<HTML>While I respect the pacifist recommendations of some posters here, I do believe a non-reaction to the terror this week would be counterproductive. Once more, I appeal to Bin Laden's 1998 interview with John Miller in support for this contention. Bin Laden states:
"After our victory in Afghanistan and the defeat of the oppressors who had killed millions of Muslims [i.e., the Soviets] the legend about the invincibility of the superpowers vanished. Our boys no longer viewed America as a superpower. So, when they left Afghanista and when they went to Somalia and prepared themselves carefully for a long war. They had thought that the Americans were like the Russians, so they trained and prepared. They were stunned when they discovered how low was the morale of the American soldier. America had entered with 30,000 soldiers in addition to thousands of soldiers from different countries in the world. ... As I said, our boys were shocked by the low morale of the American soldier and they realized that the American soldier was just a paper tiger. He was unable to endure the strikes that were dealt to his army, so he fled, and America had to stop all its bragging and all that noise it was making in the press after the Gulf War ..."
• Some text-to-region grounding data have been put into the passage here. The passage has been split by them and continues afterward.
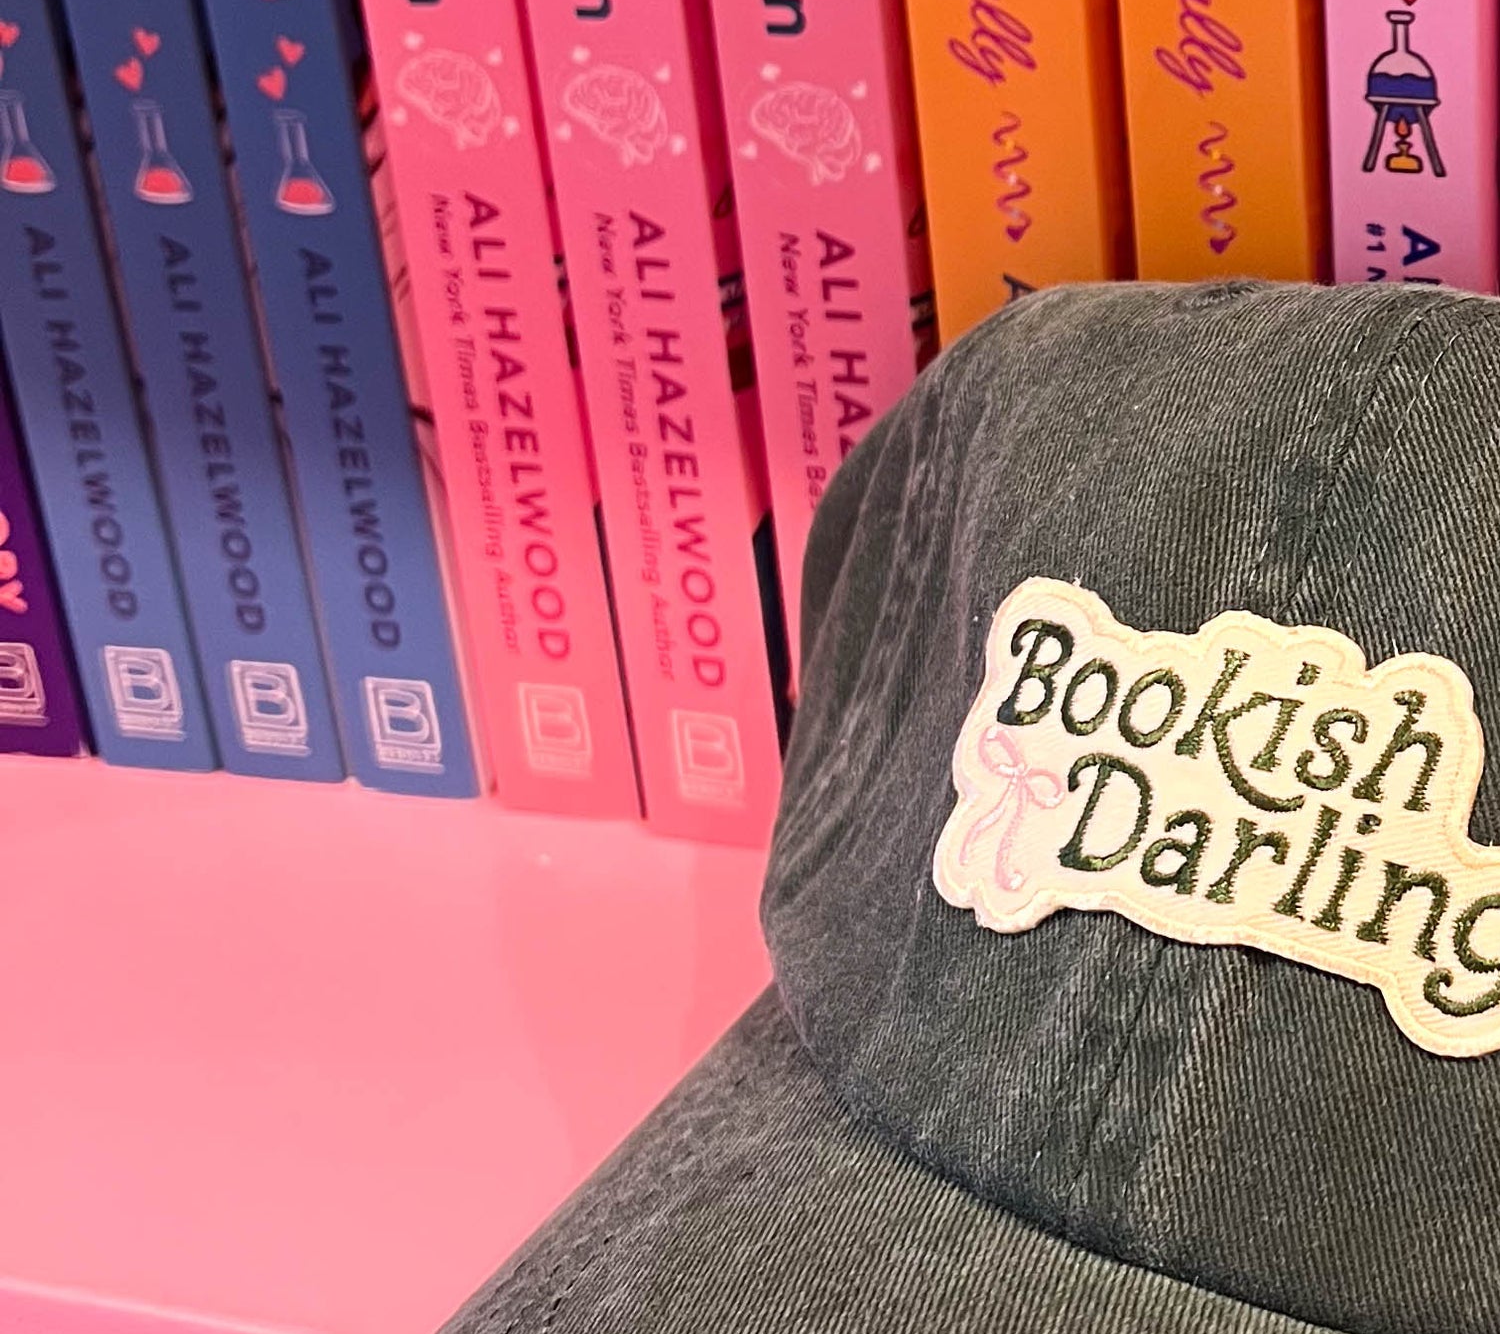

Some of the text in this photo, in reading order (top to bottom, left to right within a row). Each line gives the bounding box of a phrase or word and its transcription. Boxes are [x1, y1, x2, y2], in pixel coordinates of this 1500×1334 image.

[778, 231, 803, 298] New
[815, 228, 865, 323] ALI
[1366, 223, 1386, 253] #1
[443, 268, 468, 326] York
[787, 307, 817, 369] York
[453, 333, 479, 413] Times
[796, 378, 819, 457] Times
[22, 223, 139, 621] ALI HAZELWOOD
[158, 234, 266, 636] ALI HAZELWOOD
[300, 246, 402, 651] ALI HAZELWOOD
[463, 189, 572, 663] ALI HAZELWOOD
[593, 211, 676, 684] New York Times Bestselling Author
[628, 209, 728, 691] ALI HAZELWOOD
[378, 691, 431, 743] B
[997, 617, 1446, 814] Bookish
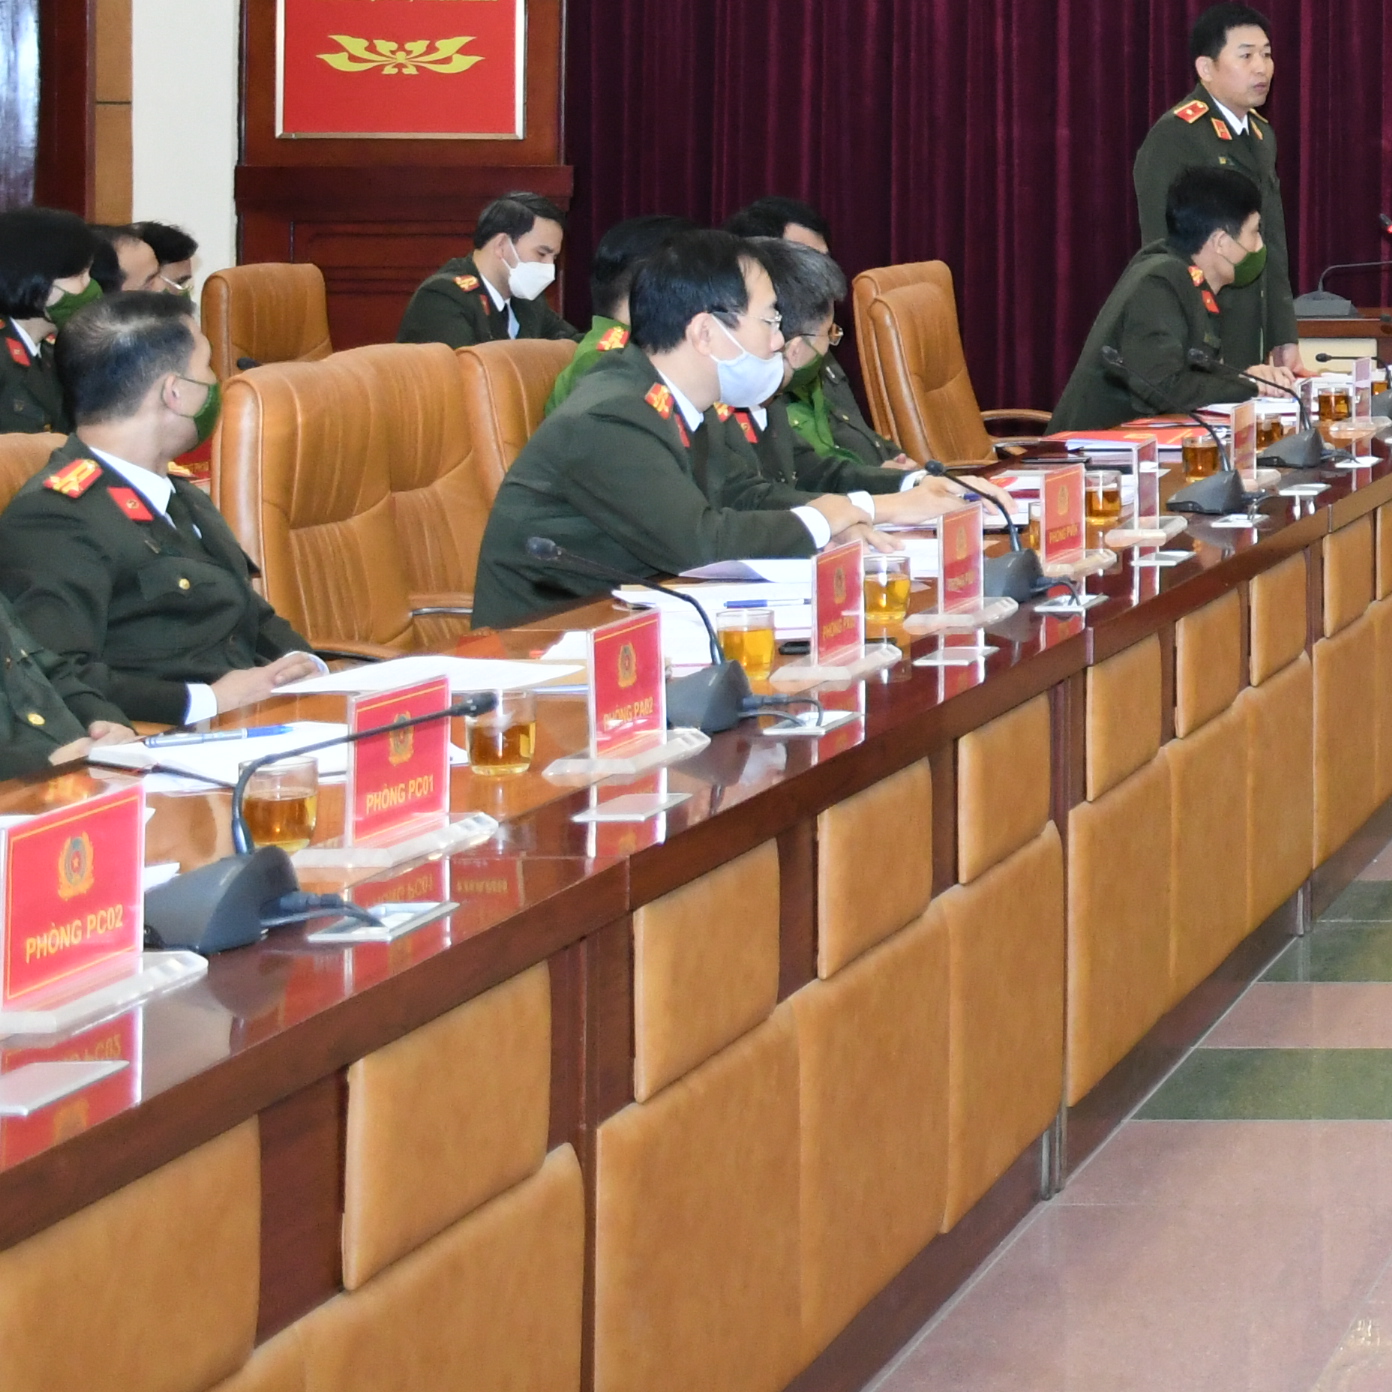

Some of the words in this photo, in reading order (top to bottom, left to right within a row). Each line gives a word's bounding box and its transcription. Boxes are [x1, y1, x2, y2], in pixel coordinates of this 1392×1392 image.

[366, 783, 406, 815] PHÒNG
[408, 774, 434, 800] PC01
[26, 920, 82, 963] PHÒNG
[86, 904, 124, 938] PC02
In other words, Bin Laden's mindset (no doubt shared by those whose worldview he represents) despises weakness and sees it as an incentive to further, greater action. Following Somalia were the major bombs in Riyadh and Tanzania, then the WTC and Pentagon. So whether you react with violence or do not react at all, his type will strike again. One could indeed argue that non-reaction will absolutely guarantee more terrorist action, probably on an even more heinous scale than we've seen so far. That, at least, is the pattern so far. Strong reaction may, at least, knock out some of the terrorist cells currently capable of acting (and thus save lives) or, better still, cripple the network of cells altogether and undermine their bases of support.
Whatever the case, it really seems that action is called for, indeed demanded, by the very outlook of the enemy.